RFR: 1606: PullRequestPoller always processes the last updated MR for GitLab [v4]

Fri Oct 7 17:55:49 UTC 2022

On Fri, 7 Oct 2022 09:19:16 GMT, Erik Helin <ehelin at openjdk.org> wrote:

> First of all, I think your changes are fine, the reasoning and the code checks out. I have a bunch of suggestions, but those you can choose whether you want to pursue or not, they do not have to be made within the scope of this PR. Smaller things to consider:

I also have a lot of ideas for how to further optimize. I'm trying to work iteratively on this so that each change can be easily proven correct (to make reviews easier and to hopefully avoid some mistakes). I also want to evaluate the metrics I have added between changes to make sure we attack the right things. 

> * in `GitLabMergeRequest`, since you are already caching the `comparisonSnapshot`, should we instead cache the `notes` JSON result? There are several methods in `GitLabMergeRequest` that makes use of the `notes` JSON, then they would be able to utilise this cached result as well (saving a number of requests). This thought can of course be extended to other JSON objects that `GitLabMergeRequest` fetches as well.

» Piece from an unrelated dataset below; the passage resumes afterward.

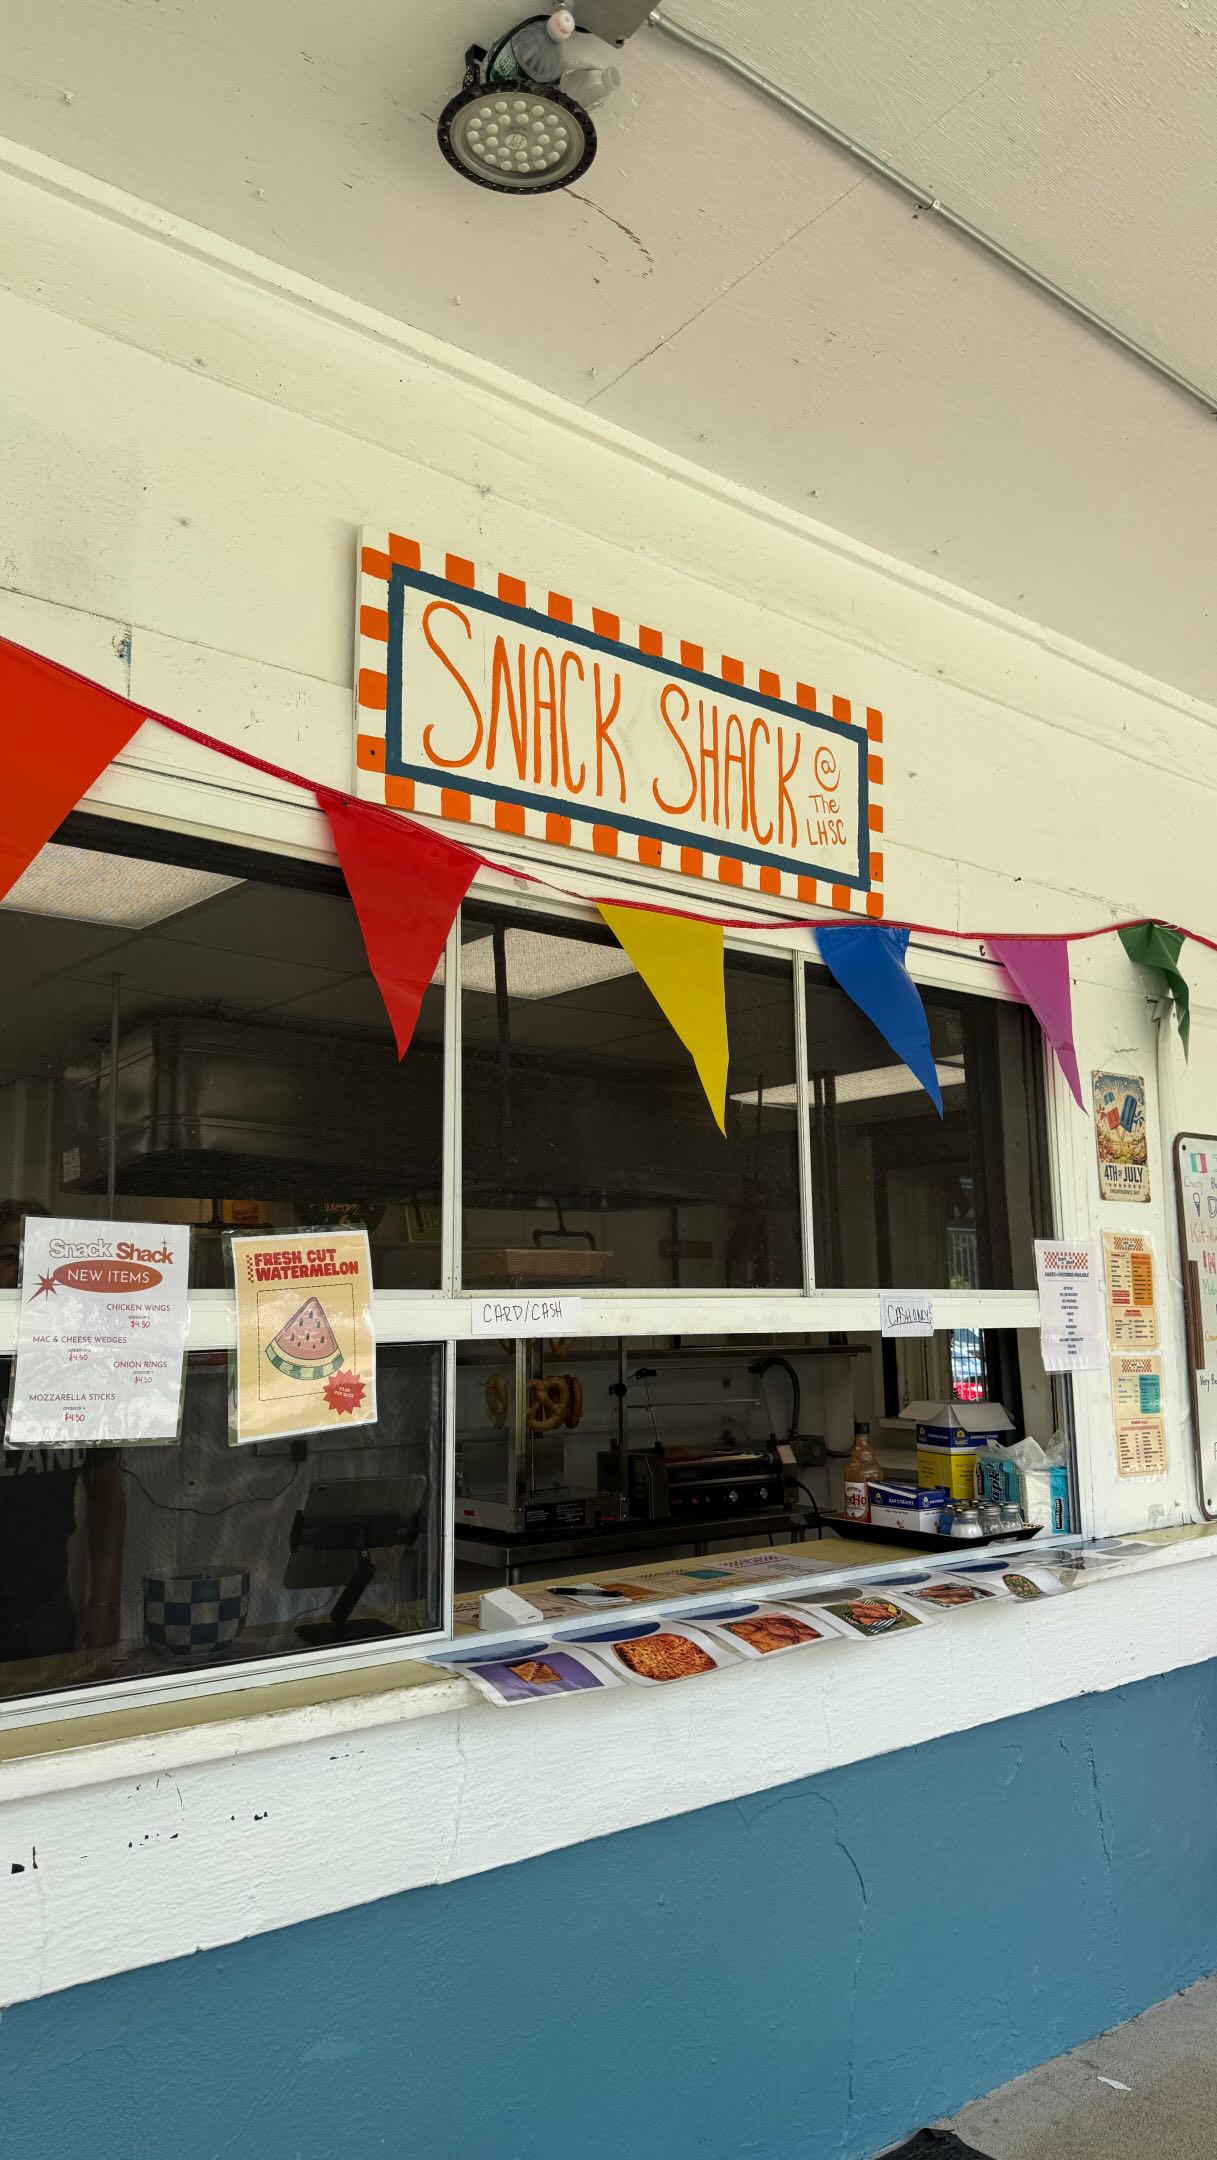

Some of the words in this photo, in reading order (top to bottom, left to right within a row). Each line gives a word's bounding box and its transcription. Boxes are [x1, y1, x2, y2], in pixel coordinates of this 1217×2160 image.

Maybe, but I'm not sure if every fetch of a GitLabMergeRequest will eventually result in fetching notes. I thin I have been leaning towards a lazy fetch of notes instead. That would still be two queries, or rather an extra query per MR, but still a lot less than we have today.

> * very minor nit, but I would have named `comparisonSnapshot` just `snapshot`, but that is up to you 😄

I picked the name to make it clear that the intended purpose of this snapshot object is only for comparisons. Different implementations will include different sets of data, so no guarantees are given on anything besides that. Not sure I succeeded with that name though, so may change as suggested.

> * more of a question than a comment: the snapshot functionality will mean that we won't even run the bots if a MR hasn't changed, but what is the main cost of running the bots on a MR that hasn't changed? My guess would be that the expensive part are all the requests that the bots have to make in order to figure out that they don't have to do anything, but if we cache more aggressively, would that cost go away? Anyways, just a thought

There are plenty of other things we do in most WorkItems. We often instantiate a local workspace based on the PR source branch. This is quite expensive (5-10s in some repos). We instantiate some kind of Census instance, also in the order of seconds. In the mailinglist bridge, instantiating the marks workspace takes over 1 minute(!) but that is something I plan to address separately.

> Now for a bigger experiment 🧑‍🔬 One annoying thing is that the GitLab REST API doesn't return the comments for a MR when fetching a single MR (unlike GitHub which does). So I played around a bit with the GitLab GraphQL API and think I managed to achieve this:

Playing around with GraphQL could certainly help reducing the number of queries needed. I haven't tried that yet.

-------------

PR: https://git.openjdk.org/skara/pull/1380